Under the Hood #2: Automated Data Check
This post dives into how Move Analytical automates the process of assessing mass spec data quality before moving on to metabolite quantification. In most labs, this step still looks the same: open a few raw data files and decide whether things “look good enough” to move on. We explore the limitations to this approach and why automation is preferable.
Motivation
Mass spectrometrists are skeptics by nature. If you’ve been doing mass spectrometry long enough, you’ve probably lived through an era when mass specs were a lot less dependable. Even today, many of us walk into the lab each morning hoping everything ran overnight…while mentally preparing to troubleshoot. The overall motivation for a reliable “Data Check” before moving on to the data analysis phase is to save time, by not having to go back and recollect any data after the lab and instrument have already moved on to other projects. It is a common practice either during or after data collection to inspect (“check”) the raw data files. This practice typically involves opening a subset of runs from sequence in the mass spec vendor software, and just “taking a look” to see if the data is generally good quality. What mass spectrometrists are looking at in this data does vary, but generally it revolves around a few specific items:
- Intensity – Is there sufficient signal for one or more analytes to indicate that the sample was prepared and run correctly?
- Chromatography – Do the peaks generally seem to have good peak shape?
This practice makes sense; the last thing you want is to turn the instrument over the next project or next person in line and proceed with further data analysis only then to realize there was a problem with the data collected in your experiment. However, there are real drawbacks to an ad hoc approach to the data check.
- Time-consuming. Looking through lots of raw data files is slow.
- Incomplete. Most users do not check every run (who has time for that??), so what happens if one particular sample analysis is missed or low quality?
- Subjective. The decision on quality can vary by user and by day (how much coffee have you had that morning, and did your kids keep you up?)
- Less reliable for non-experts. A non-expert or new user may not be able to confidently make a decision on data quality.
The cost of missing a data quality issue isn’t just bad data—it’s lost instrument time, delayed decisions, and the need to revisit experiments long after the lab has moved on.
How Can It Be Done Differently?
As we have previously discussed with system suitability testing, we believe it is desirable to use the fewest metrics that give the right answer to a simple question: Did the sample preparation and data collection generally go as planned?
To improve upon the status quo we have identified several key themes during our discussions with customers:
- Automation. We’d like the process to run automatically so it’s available to everyone without any direct actions from the user.
- Every file. We’d like a result for every file to lessen the chance of a ‘one off’ missed injection or sample prep error slipping through the cracks during the check.

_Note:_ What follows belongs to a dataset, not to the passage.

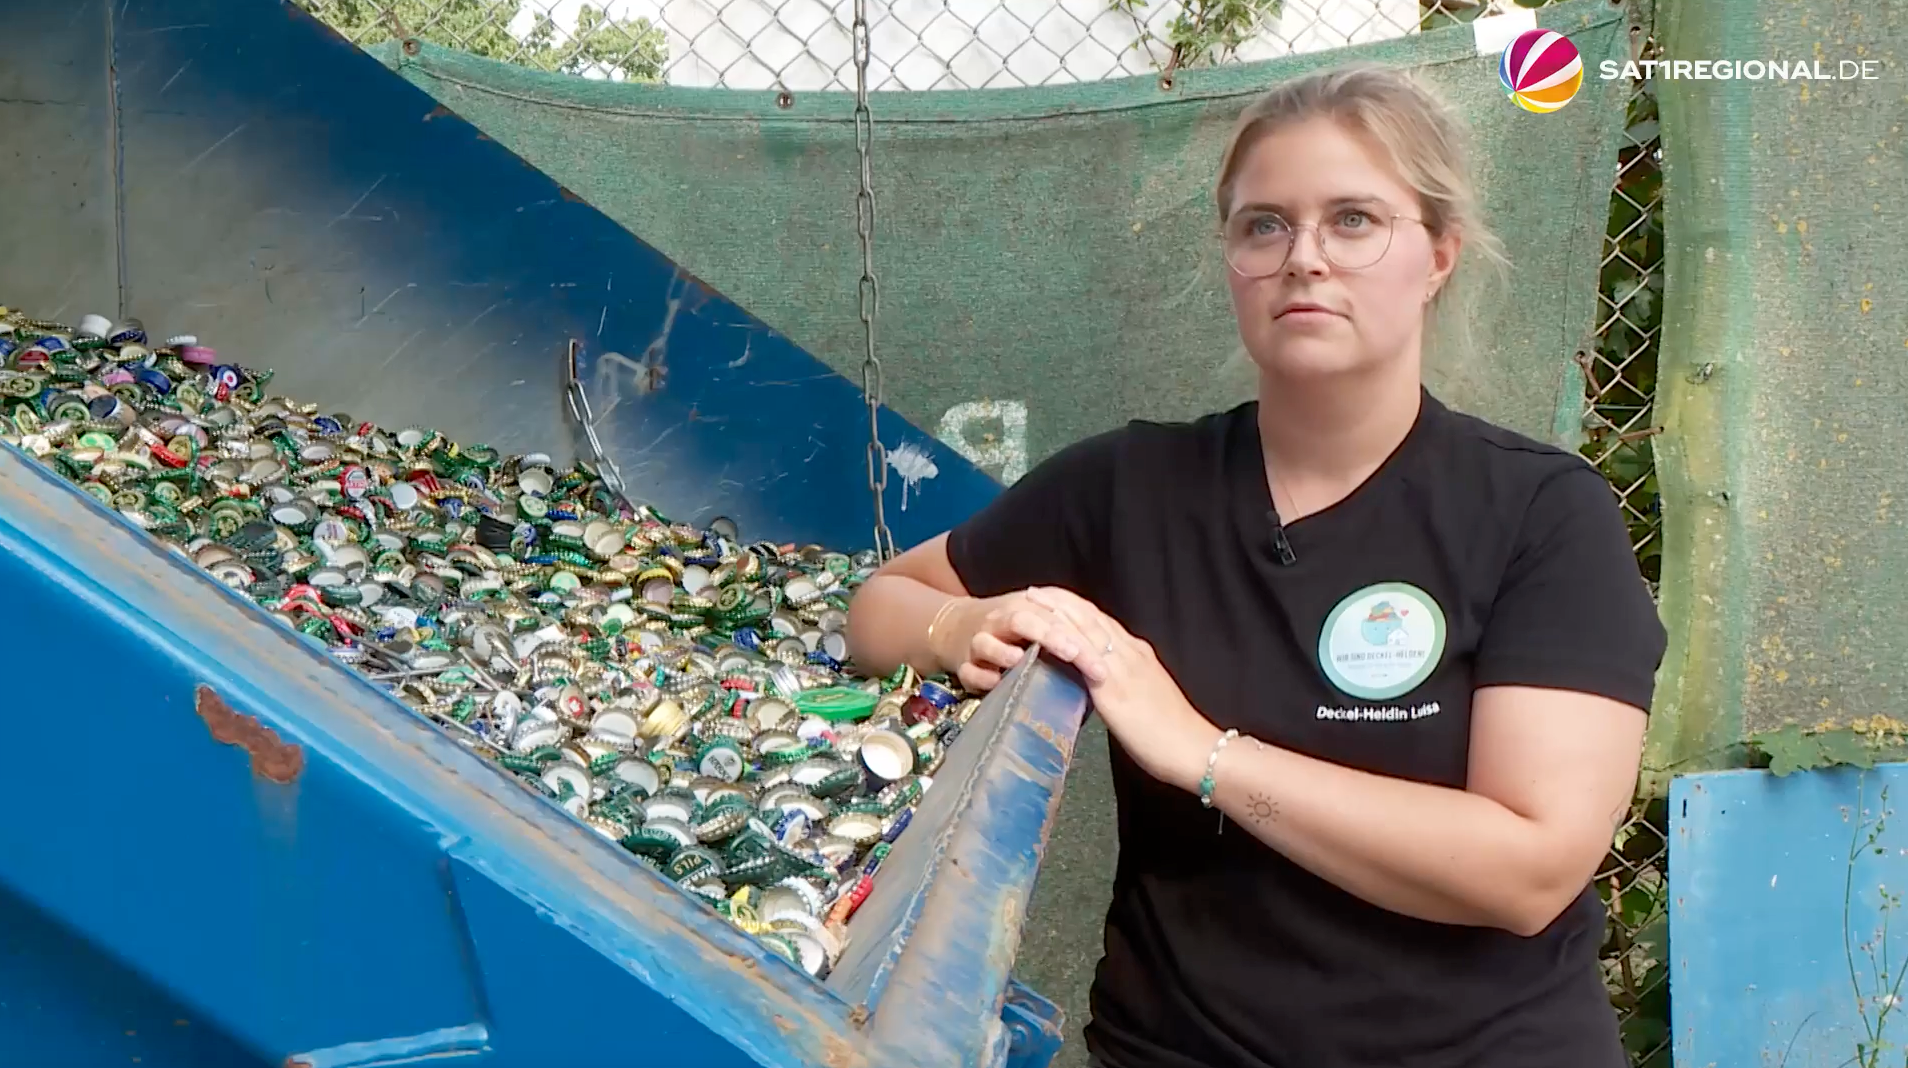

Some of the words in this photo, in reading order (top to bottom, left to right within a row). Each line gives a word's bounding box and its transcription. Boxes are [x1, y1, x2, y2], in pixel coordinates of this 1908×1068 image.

- Dashboard. A heads-up dashboard display during the progress of the experiment is nice for ‘checking in’ on the sequence that’s running before you go home, or even remotely.
- Actionable. The results of the metrics should yield an intuitive result such that the user generally knows what to do if a sample fails the data check.
- Permanent Record. The results of the data check should remain as part of the experimental record of the project, in case questions arise later.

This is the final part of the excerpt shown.